The Hawaiʻi ʻelepaio (Chasiempis sandwichensis), also Hawaiian ʻelepaio, is a monarch flycatcher found on the Big Island of Hawaii. Until 2010, all three ʻelepaio species, the Kauaʻi ʻelepaio (Chasiempis sclateri), the Oʻahu ʻelepaio (Chasiempis ibidis) and this species were considered conspecific.

==Taxonomy and systematics==
The Hawaiʻi ʻelepaio was formally described in 1789 by the German naturalist Johann Friedrich Gmelin in his revised and expanded edition of Carl Linnaeus's Systema Naturae. He placed it with the flycatchers in the genus Muscicapa and coined the binomial name Muscicapa sandwichensis. Gmelin based his description on the "sandwich flycatcher" that had been described in 1783 by the English ornithologist John Latham in his book A General Synopsis of Birds. Latham had examined a specimen from the Sandwich Islands (now the Hawaiian Islands) in the collection of the naturalist Joseph Banks. The specimen would have been collected between 17 January and 22 February 1779 near Kealakekua Bay on the island of Hawaii during James Cook's third voyage to the Pacific Ocean. The Hawaiʻi ʻelepaio is now placed in the genus Chasiempis that was introduced in 1847 by the German ornithologist Jean Cabanis. The species was formerly considered to be conspecific with the Kauaʻi ʻelepaio (Chasiempis sclateri) and the Oʻahu ʻelepaio (Chasiempis ibidis). The genus name is derived from Ancient Greek khaskō meaning "to gape" and empis meaning "mosquito" or "gnat".

===Subspecies===
Three subspecies are recognised which differ in their ecological requirements and head coloration (see also Gloger's Rule):
- C. s. sandwichensis - (Gmelin, 1789): The Kona ʻelepaio. It differs from the volcano subspecies by having the forehead and the supercilium whitish with some rusty feathers. It inhabits mesic forest characterized by koa (Acacia koa) and ʻōhiʻa lehua (Metrosideros polymorpha); its population seems to be stable at about 60,000–65,000.

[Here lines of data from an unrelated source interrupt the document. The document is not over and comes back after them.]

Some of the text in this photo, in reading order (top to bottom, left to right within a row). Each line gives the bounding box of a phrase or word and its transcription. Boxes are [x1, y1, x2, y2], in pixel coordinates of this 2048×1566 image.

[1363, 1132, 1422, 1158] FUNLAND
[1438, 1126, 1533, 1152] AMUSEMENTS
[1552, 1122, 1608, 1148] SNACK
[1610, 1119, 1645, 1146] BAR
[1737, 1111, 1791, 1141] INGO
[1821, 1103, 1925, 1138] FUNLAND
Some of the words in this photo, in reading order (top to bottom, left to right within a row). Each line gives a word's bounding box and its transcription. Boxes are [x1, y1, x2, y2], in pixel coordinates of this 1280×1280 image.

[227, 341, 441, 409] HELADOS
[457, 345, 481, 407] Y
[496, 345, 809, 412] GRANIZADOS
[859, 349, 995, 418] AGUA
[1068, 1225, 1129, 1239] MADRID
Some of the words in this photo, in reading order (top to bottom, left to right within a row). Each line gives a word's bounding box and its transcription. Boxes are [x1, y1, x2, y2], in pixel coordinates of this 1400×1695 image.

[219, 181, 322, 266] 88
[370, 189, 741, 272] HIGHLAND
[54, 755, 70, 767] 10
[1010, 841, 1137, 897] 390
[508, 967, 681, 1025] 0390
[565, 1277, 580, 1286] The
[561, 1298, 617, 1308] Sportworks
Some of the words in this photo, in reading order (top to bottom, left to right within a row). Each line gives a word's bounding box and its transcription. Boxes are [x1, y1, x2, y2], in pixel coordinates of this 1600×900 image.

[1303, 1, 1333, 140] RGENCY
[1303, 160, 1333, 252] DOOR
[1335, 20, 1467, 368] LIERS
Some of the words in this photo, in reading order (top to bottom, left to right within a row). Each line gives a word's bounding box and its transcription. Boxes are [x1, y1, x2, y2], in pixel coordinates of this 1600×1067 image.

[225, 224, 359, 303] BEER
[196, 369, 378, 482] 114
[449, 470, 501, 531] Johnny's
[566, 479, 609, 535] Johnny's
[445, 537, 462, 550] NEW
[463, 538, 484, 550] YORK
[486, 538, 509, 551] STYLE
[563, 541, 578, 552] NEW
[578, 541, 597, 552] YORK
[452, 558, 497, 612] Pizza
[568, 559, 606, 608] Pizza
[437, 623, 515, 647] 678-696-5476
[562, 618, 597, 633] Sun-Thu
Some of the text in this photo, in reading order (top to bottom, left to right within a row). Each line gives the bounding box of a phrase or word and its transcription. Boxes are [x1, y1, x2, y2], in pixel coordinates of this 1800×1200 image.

- C. s. ridgwayi - Stejneger, 1887: The volcano ʻelepaio. Originally described as a separate species. This is the most common subspecies today, with a population of around 100,000–150,000, or more than half of the total number of ʻelepaio. It is a bird of the rainforest, which on Hawaiʻi are characterized by ʻōhiʻa lehua and hāpuʻu (Cibotium tree ferns).
- C. s. bryani - Pratt, 1979: The Mauna Kea ʻelepaio. It is only found in the māmane (Sophora chrysophylla ) – naio (Myoporum sandwicense) dry forest on the leeward slopes of Mauna Kea. It has the entire head heavily washed with white. Due to destruction of most of its habitat, it is the rarest Big Island subspecies, with a population of 2,000–2,500 birds.